In conditional logistic regression models adjusted for sampling design, age, and race, risk of PCA was increased 3.5 (1.6–7.6)-fold in the fourth versus first QTI quartile, but there was little evidence of increased risk for diabetic patients in the second and third quartiles (Table 1). Effects of further adjustment were modest (Table 1). Comparing the upper with the lower three quartiles combined produced similar findings but narrowed the 95% confidence limits around the point estimates: 3.6 (2.0–6.3) (age and race), 3.1 (1.6–6.1) (clinical), 2.7 (1.2–5.9) (ECG), and 2.7 (1.3–5.4) (autonomic). Effects of controlling for the ECG date–index date interval, substituting Bazett’s heart-rate corrected QT (QTc) for QTI (22, 23) and weighting for the probability of ECG availability (24, 25) were negligible.

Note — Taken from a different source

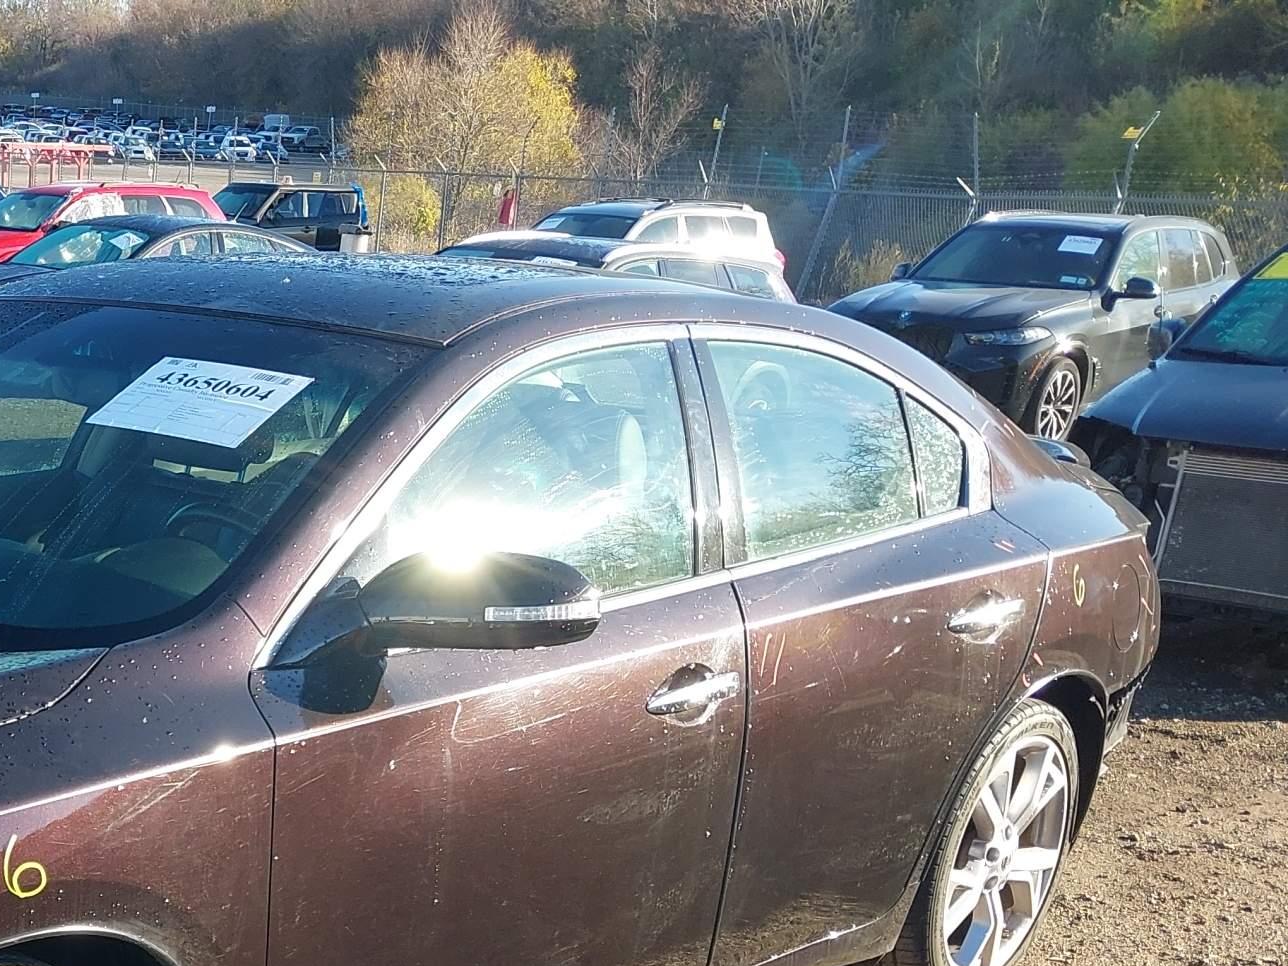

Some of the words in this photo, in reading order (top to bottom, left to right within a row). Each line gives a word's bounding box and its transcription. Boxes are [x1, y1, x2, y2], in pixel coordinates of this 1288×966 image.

[156, 371, 275, 401] 43650604
[1072, 563, 1086, 608] 6
[4, 834, 47, 898] 6

This is the first population-based study to examine the risk of PCA associated with QT prolongation in predominantly type 2 diabetic patients without prior physician-diagnosed heart disease (26). Diabetic patients in the upper quartile of the QTI distribution (i.e., with a QTI >107%) had a threefold increased risk of PCA after accounting for clinical and other ECG or autonomic characteristics.
Whether the increased risk reflects direct effects of previously undiagnosed myocardial damage, autonomic failure, or both remains unknown, but we excluded enrollees with prior physician-diagnosed heart disease and were unable to attribute the association to differences in clinical characteristics or subclinical ischemia and infarction. Similarly, adjustment for symptomatic dysautonomia, use of β-blockers and tricyclic antidepressants, and measures of heart rate and RR variation only modestly attenuated the increased risk of PCA. Moreover, results were unchanged by controlling for the ECG date–index date interval, substituting QTc, or weighting for ECG availability.
These findings suggest that QT prolongation may be useful in risk stratifying populations of predominantly white, type 2 diabetic patients for PCA. Whether the findings are generalizable to diabetic patients who are nonwhite and those with prior angina, myocardial infarction, and/or congestive heart failure remains unknown. Further research is needed to determine whether clinical interventions to reduce QTI (2, 27–29) decrease the risk of PCA among diabetic patients.
National Institutes of Health Grants HL-42456-03, 5-T32-HL07055, and the VAPSHCS HSRD Post-Doctoral Fellowship Program funded this study.
The preliminary findings for this study were published as an abstract (30).